[Annotated photo localization data]
::::::::

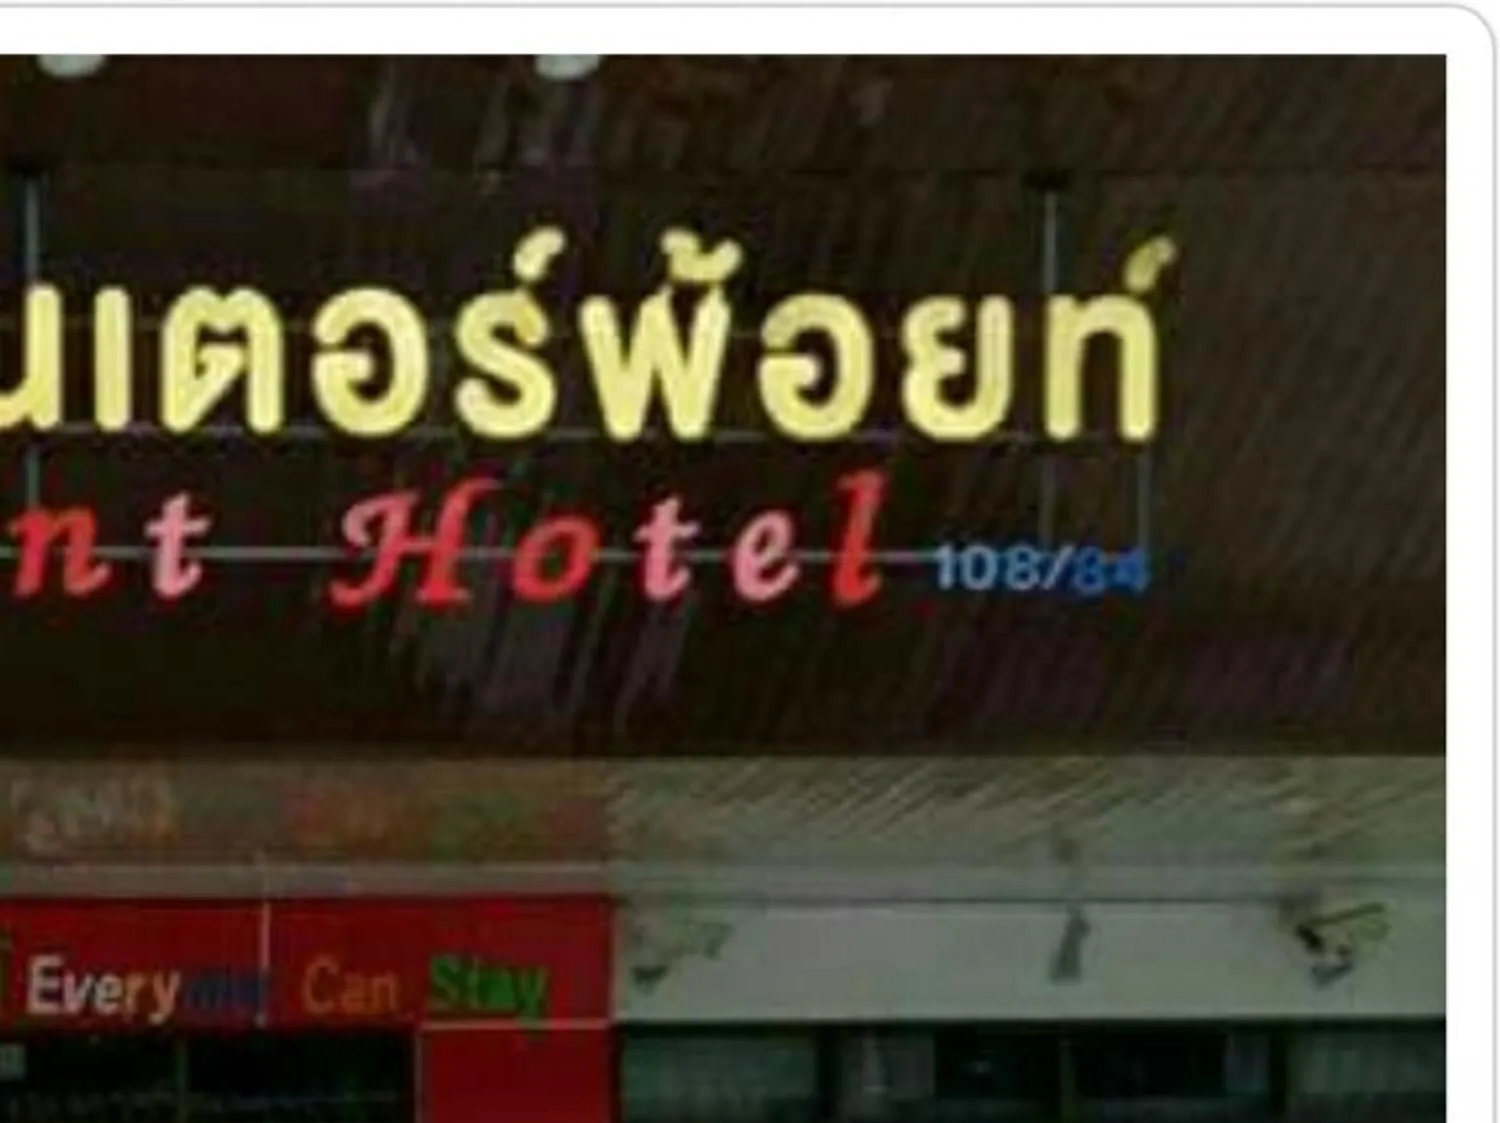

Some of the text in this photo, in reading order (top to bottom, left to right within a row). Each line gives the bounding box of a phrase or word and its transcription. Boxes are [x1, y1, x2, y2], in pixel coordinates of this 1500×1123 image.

[330, 470, 889, 607] Hotel
[303, 957, 399, 1015] Can
[426, 953, 550, 1024] Stay
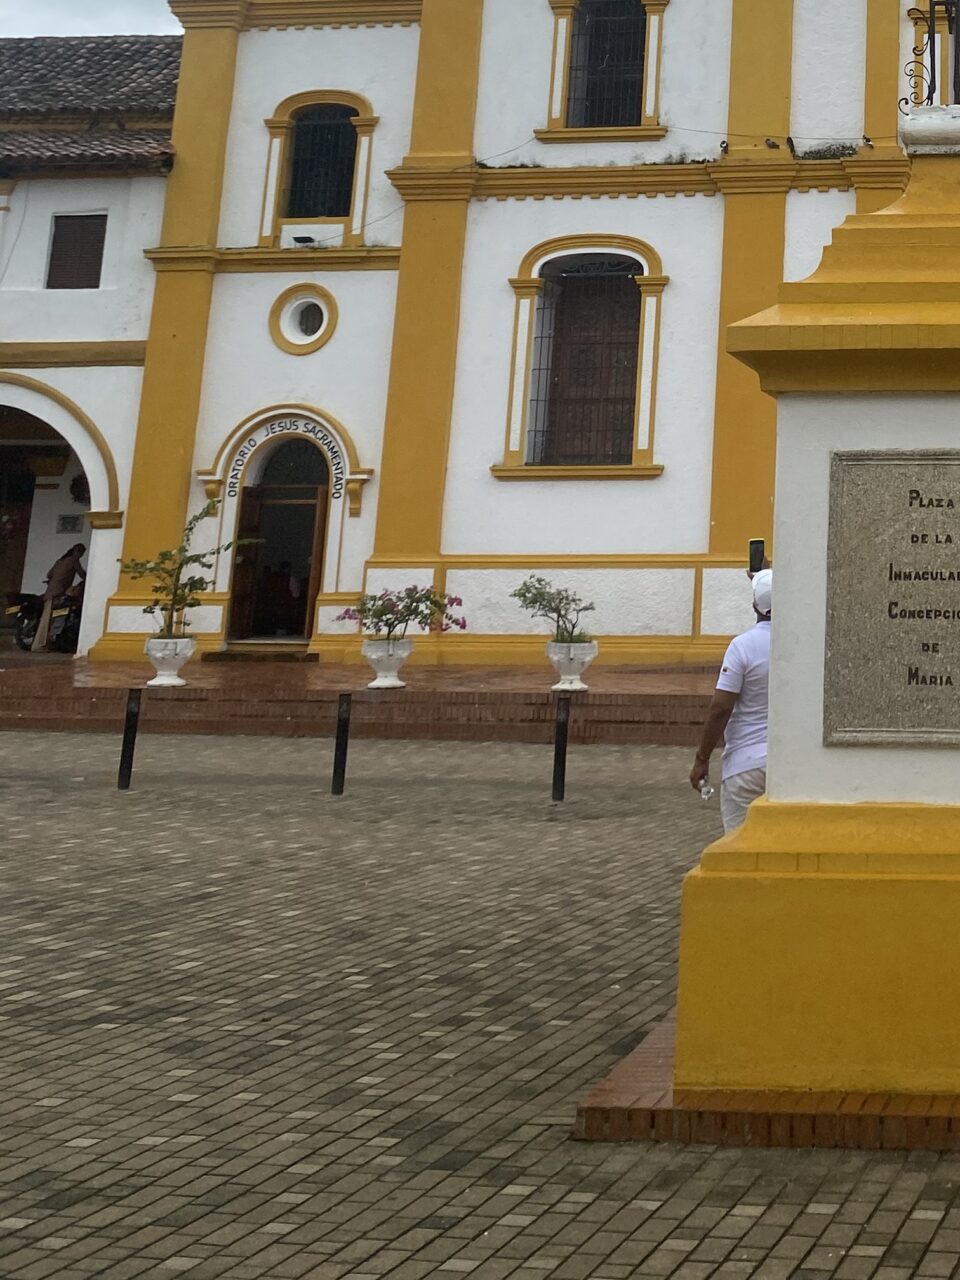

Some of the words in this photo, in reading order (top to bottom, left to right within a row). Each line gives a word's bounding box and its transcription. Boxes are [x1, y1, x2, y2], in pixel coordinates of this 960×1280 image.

[228, 438, 257, 497] ORATORIO
[265, 420, 299, 437] JESUS
[302, 422, 344, 499] SACRAMENTADO
[908, 489, 955, 509] PLAZA
[910, 534, 929, 544] DE
[935, 534, 953, 544] LA
[921, 642, 940, 654] DE
[907, 666, 954, 686] MARIA

::::::::

• [Exercise aim]: The answer should hold exactly the lines running from the one with "Some of the words" to the final line of the data, both ends counted.

• [Response]:
Some of the words in this photo, in reading order (top to bottom, left to right within a row). Each line gives a word's bounding box and its transcription. Boxes are [x1, y1, x2, y2], in pixel coordinates of this 960×1280 image.

[228, 438, 257, 497] ORATORIO
[265, 420, 299, 437] JESUS
[302, 422, 344, 499] SACRAMENTADO
[908, 489, 955, 509] PLAZA
[910, 534, 929, 544] DE
[935, 534, 953, 544] LA
[921, 642, 940, 654] DE
[907, 666, 954, 686] MARIA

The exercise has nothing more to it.